见战凌云不搭理自己,黑衣男子微微挑眉,补充了一句:“别说,你的未婚妻还挺香的,本宫还真是有些后悔,昨晚没有假戏真做……”
说罢,他的红舌轻舔着嘴唇,仿佛是在回味什么令人惬意的事情。
面对黑衣男子的言语挑衅,战凌云终于忍不住骂道:“东篱谨,你我之间不过是合作关系,你最好适可而止!孤是孤,花洛漓是花洛漓,莫要再将孤与她牵扯到一起!”
东篱国位于大景国以东,而东篱谨便是东篱国当今国君的皇长子。只不过可惜的是,他是庶出,所以与太子之位无缘。但这并不影响东篱谨想要争权夺位的决心。
此番,东篱谨与胞妹东篱燕一同来到大景国,明面上是送东篱燕来和亲的,然而实则却是想结交大景国的权贵,为自己夺嫡争取外援。
而“睡大景国太子的未婚妻”,便是东篱谨此番要完成的任务。只不过,东篱谨对于一个娇滴滴、只会哭哭啼啼,还没开始就晕过去的女人实在感觉无趣得很。是以,东篱谨只在花洛漓的身上留下暧昧痕迹,并没有真的与之行房。
“太子殿下!”
就在这时,丫鬟紫鹃推开包厢的门走了进去。
她抬头看了一眼坐在窗前的那道贵气身影,脸颊微微一红。
太子殿下说过,只要能在花洛漓的酒水中下蒙汗药,今晨再在城门口“表演”一番,就答应纳她为侧室。
一想到自己即将飞上枝头变凤凰,紫鹃媚眼含春,脸上挂着毫不掩饰的喜悦笑容。
“嗯。

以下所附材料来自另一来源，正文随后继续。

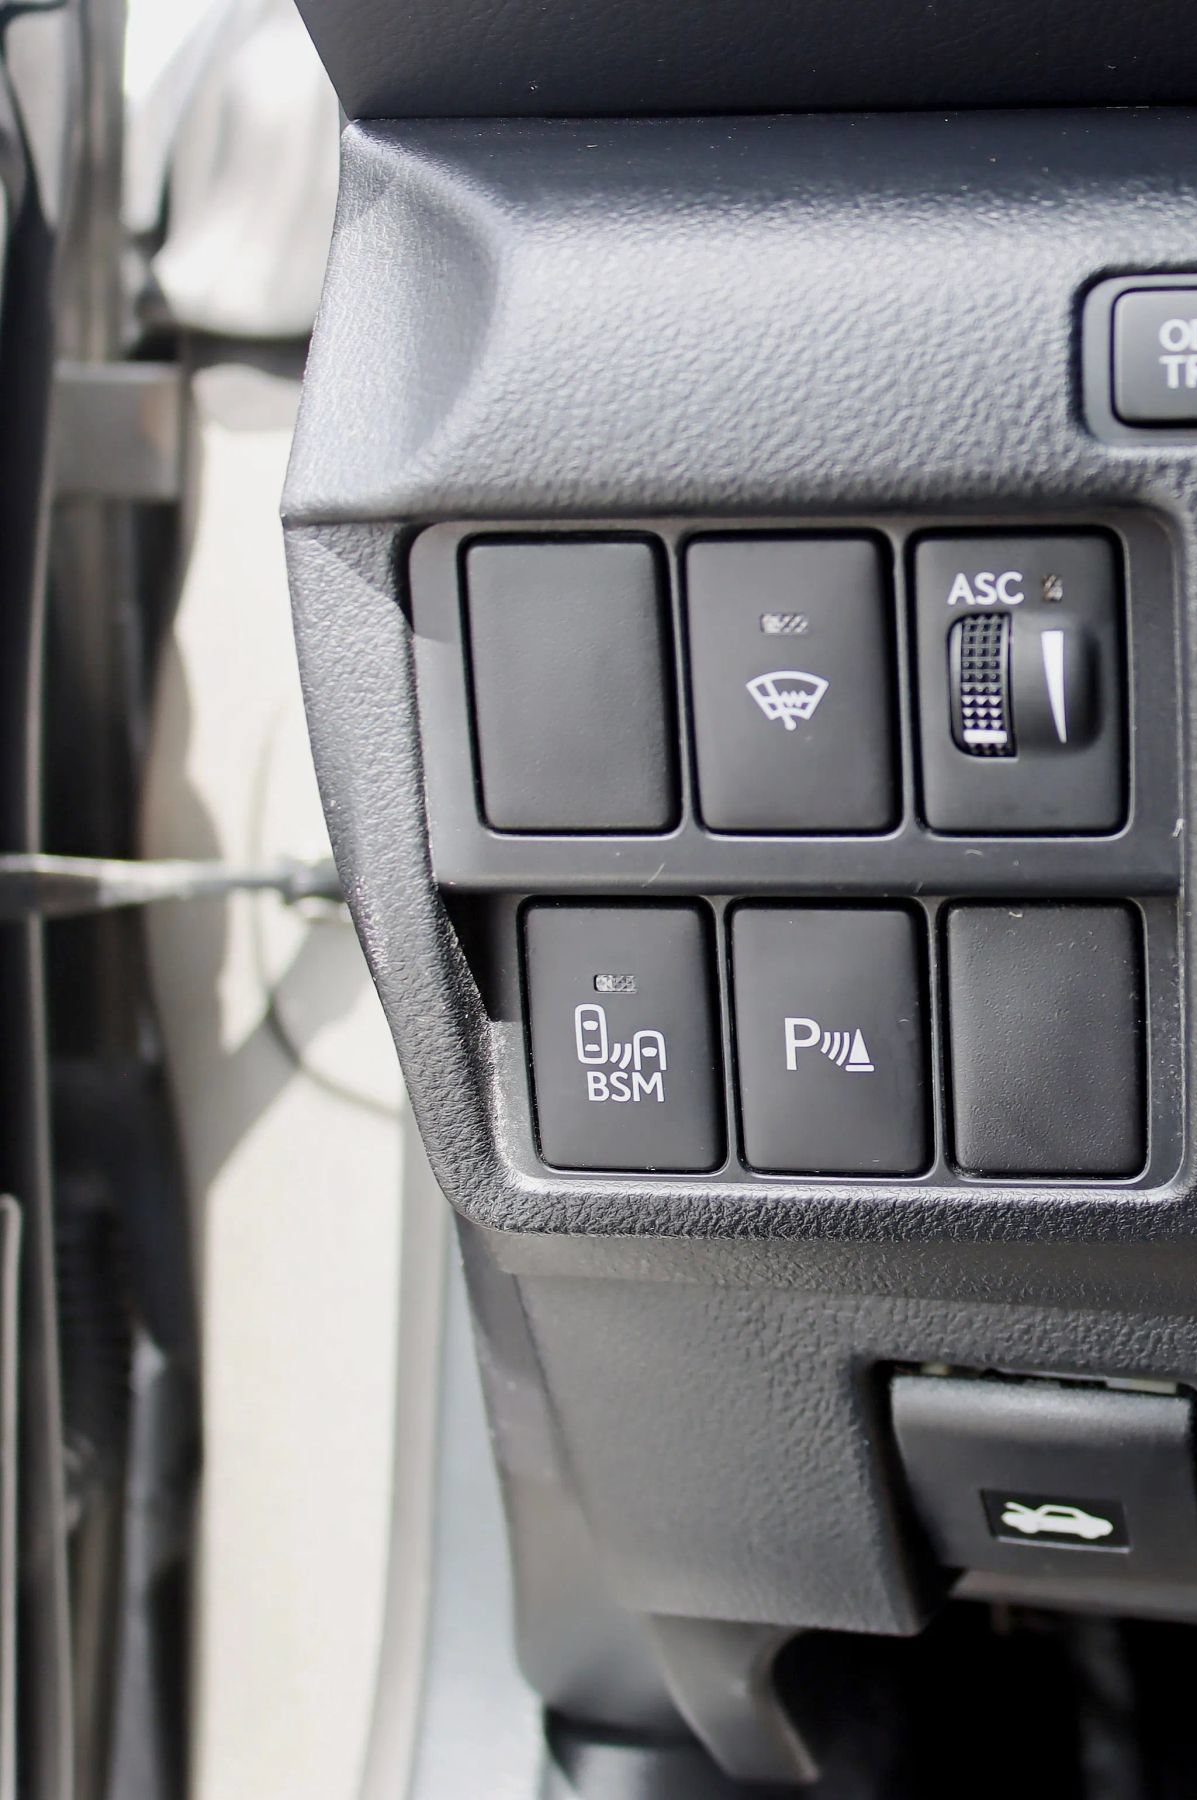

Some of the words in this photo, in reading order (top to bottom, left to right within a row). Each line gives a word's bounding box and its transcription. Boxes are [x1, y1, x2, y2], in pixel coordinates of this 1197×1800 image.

[947, 572, 1025, 605] ASC
[785, 1017, 820, 1071] P
[586, 1071, 665, 1102] BSM

”战凌云冷冷看了紫鹃一眼,而后从怀中掏出一袋银子丢给她。
“太子殿下,您不是说……”
“大胆贱婢!没看到孤正与东篱的大皇子叙旧么?还不速速退下!”
紫鹃闻言心中一紧,心想自己可能真的打扰到了太子殿下的正事,遂赶忙弓身却行,退出了包厢 。
“呵……”东篱谨一脸嘲讽地看着战凌云,“战太子,你莫不是吃惯了精米,想尝尝粗糠的味道?居然连这种货色都看得上?”
战凌云闻言,眸中闪过一丝恼怒,只不过他只是冷哼一声,而后便心虚地移开视线,不再说话。

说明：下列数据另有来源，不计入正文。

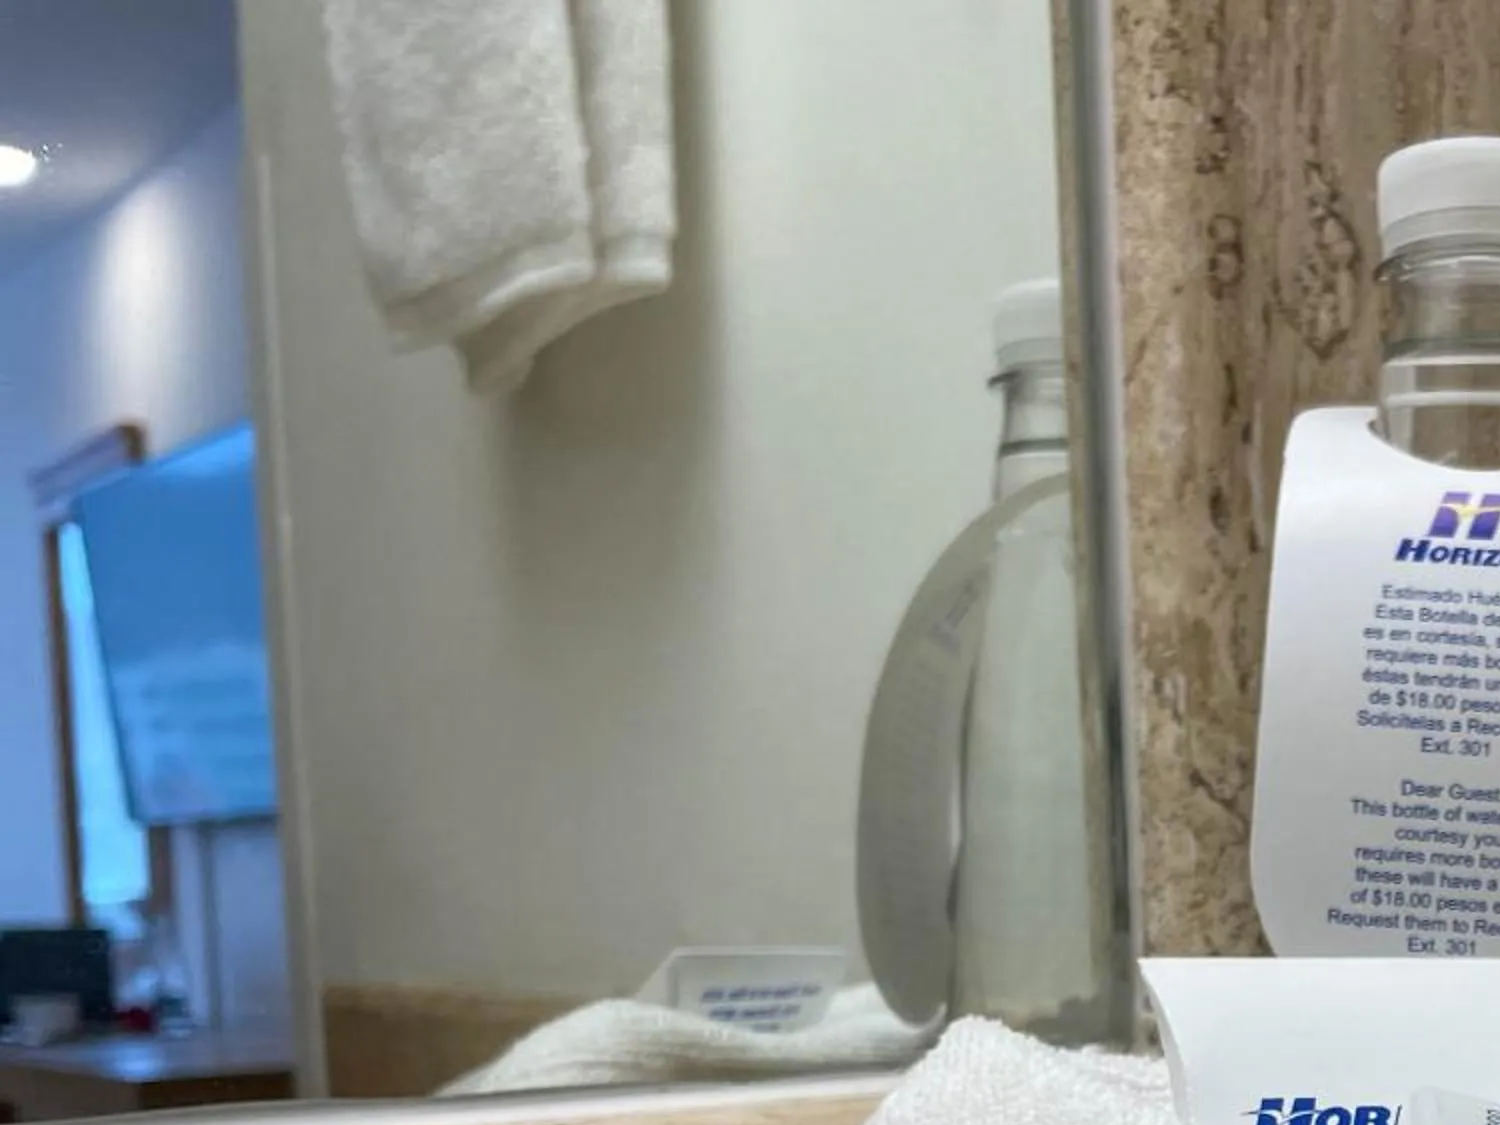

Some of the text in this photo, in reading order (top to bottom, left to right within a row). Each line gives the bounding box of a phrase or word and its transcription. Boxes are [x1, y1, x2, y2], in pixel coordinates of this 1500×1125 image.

[1382, 585, 1463, 604] Estimado
[1375, 604, 1414, 621] Esta
[1419, 607, 1478, 625] Botella
[1363, 627, 1384, 640] es
[1389, 629, 1411, 641] en
[1366, 649, 1437, 667] requiere
[1443, 652, 1479, 669] más
[1414, 671, 1480, 690] tendrán
[1368, 690, 1391, 705] de
[1396, 690, 1456, 709] $18.00
[1450, 719, 1462, 732] a
[1420, 736, 1491, 757] Ext. 301
[1400, 779, 1444, 797] Dear
[1351, 798, 1387, 816] This
[1392, 802, 1439, 821] bottle
[1443, 806, 1462, 822] of
[1394, 827, 1469, 848] courtesy
[1354, 846, 1426, 864] requires
[1429, 851, 1475, 867] more
[1355, 866, 1403, 884] these
[1407, 870, 1434, 886] will
[1439, 871, 1482, 890] have
[1487, 878, 1498, 892] a
[1350, 888, 1368, 904] of
[1372, 889, 1432, 909] $18.00
[1436, 897, 1487, 913] pesos
[1327, 908, 1400, 930] Request
[1404, 914, 1447, 932] them
[1452, 917, 1469, 933] to
[1407, 936, 1477, 955] Ext. 301

因为,战凌云昨晚确实承诺了紫鹃,只要对方办成了自己交代的事,就允诺她一个侧妃之位。
只不过,这仅仅是权宜之计罢了。他连花洛漓都瞧不上,又怎么会看得上花洛漓的贴身侍婢?
另一边,在紫鹃离开酒楼没多久之后,就走到了一条小巷。
忽然,一道黑影闪过。
紧接着黑衣男子手起剑落,紫鹃愣是连叫一句都来不及,就已经被抹了脖子。
而那出现在她面前的人,赫然便是方才和太子殿下一同在酒楼包厢的那名黑衣男子。
就着紫鹃的衣服擦干净剑身上的血迹之后,东篱谨冷笑道:“战太子,此等吃里扒外的贱婢 ,她能背叛花洛漓,自然也能背叛你。本宫替你杀了,可不要太感谢我哦!”
话落,东篱谨“噌”的一声把剑回了鞘,而后便运起轻功,足尖一点,飞檐走壁离去。
另一边,花洛漓一路向他人问路,走了整整一个多时辰的时间,才终于离开城东,来到城中的范围。

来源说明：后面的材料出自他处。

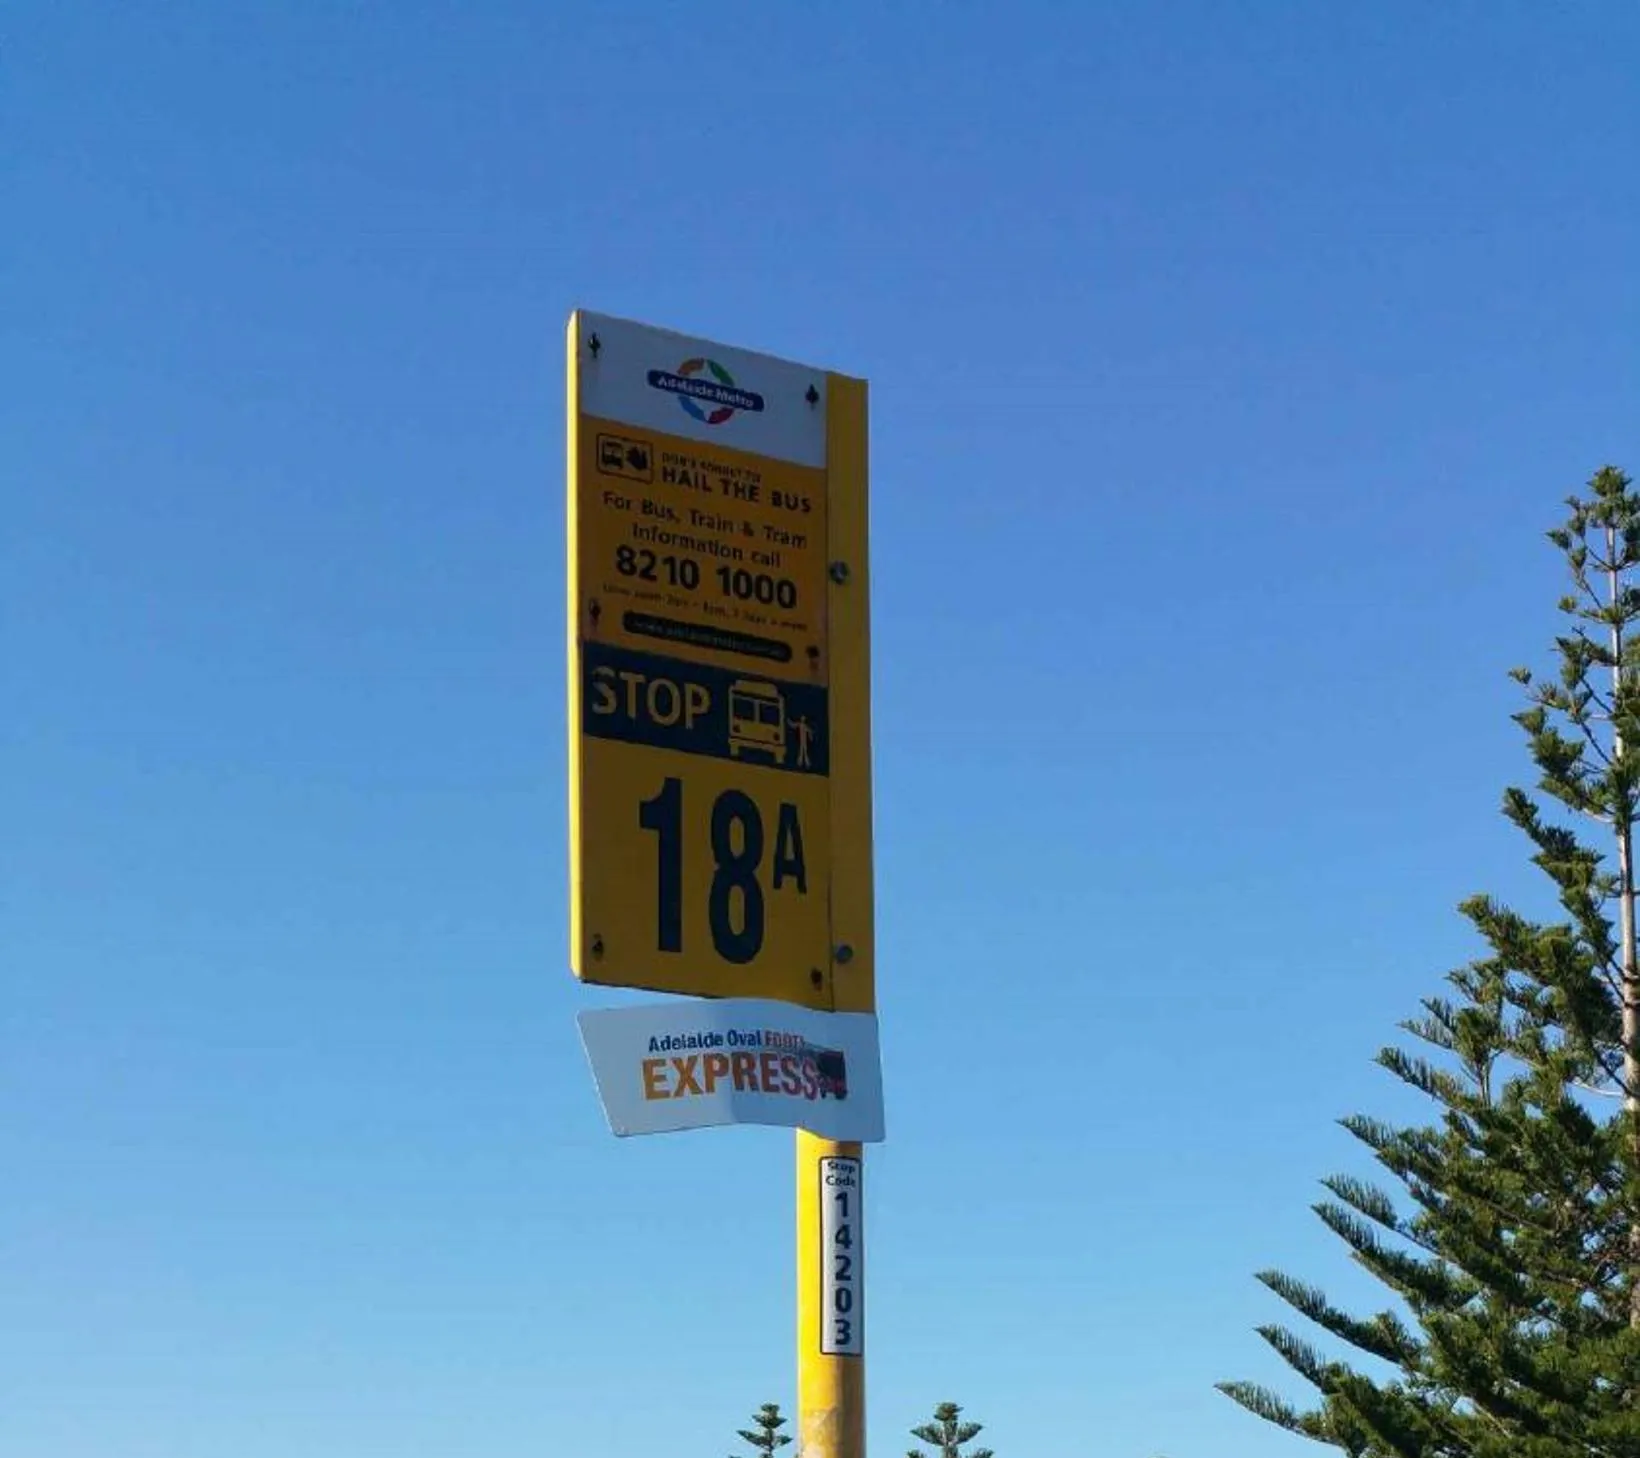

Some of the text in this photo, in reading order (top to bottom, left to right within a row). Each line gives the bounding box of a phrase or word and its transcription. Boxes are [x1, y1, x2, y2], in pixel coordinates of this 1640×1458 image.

[715, 387, 756, 409] Metro
[662, 466, 811, 514] HAIL THE BUS
[603, 491, 633, 511] For
[688, 509, 735, 534] Train
[740, 521, 755, 538] &
[764, 524, 808, 549] Tram
[632, 522, 782, 569] Information call
[615, 545, 700, 590] 8210
[716, 566, 798, 609] 1000
[591, 666, 711, 730] STOP
[648, 1031, 724, 1053] Adelaide
[727, 1029, 762, 1048] Oval
[641, 1052, 820, 1101] EXPRESS
[825, 1174, 856, 1187] Code
[827, 1160, 855, 1175] Stop

接着,花洛漓又靠着问路和原主的模糊记忆找到了位于城中大街的花府所在地。
只不过,比起周围那些气派的房屋,年久失修的花府就显得尤其破败萧条。
曾经辉煌的花府,如今却是大门紧闭,门上的红漆剥落,显得斑驳不堪。
花洛漓轻轻推开那摇摇欲坠的门,走进府邸。只见庭院中杂草丛生,几乎将小径掩盖。草丛中,偶尔还能看到一些破旧的花盆和石雕,仿佛在诉说着昔日的繁华。
府中的房屋也显得十分破旧,屋顶上的瓦片残缺不全,墙壁上的石灰剥落,露出了里面的砖石。窗户上的纸早已破碎,被风吹得呼呼作响。房间里弥漫着一股潮湿的气息,家具上布满了灰尘和蜘蛛网。
在花府的后院,有一个小花园,曾经是花太医和家人休闲娱乐的地方。如今,花园里的花草早已枯萎,只剩下一些枯黄的枝叶。池塘里的水也干涸了,露出了底部的淤泥。花园中的亭子也显得十分破旧,柱子上的油漆剥落,亭顶上的瓦片残缺不全。
整个花府弥漫着一股衰败的气息,让人不禁感叹岁月的无情和世事的沧桑。
“好歹也算是有了个落脚的地方,至少不用租房子,以后会好的!”花洛漓深呼吸一口气,而后便自我安慰道。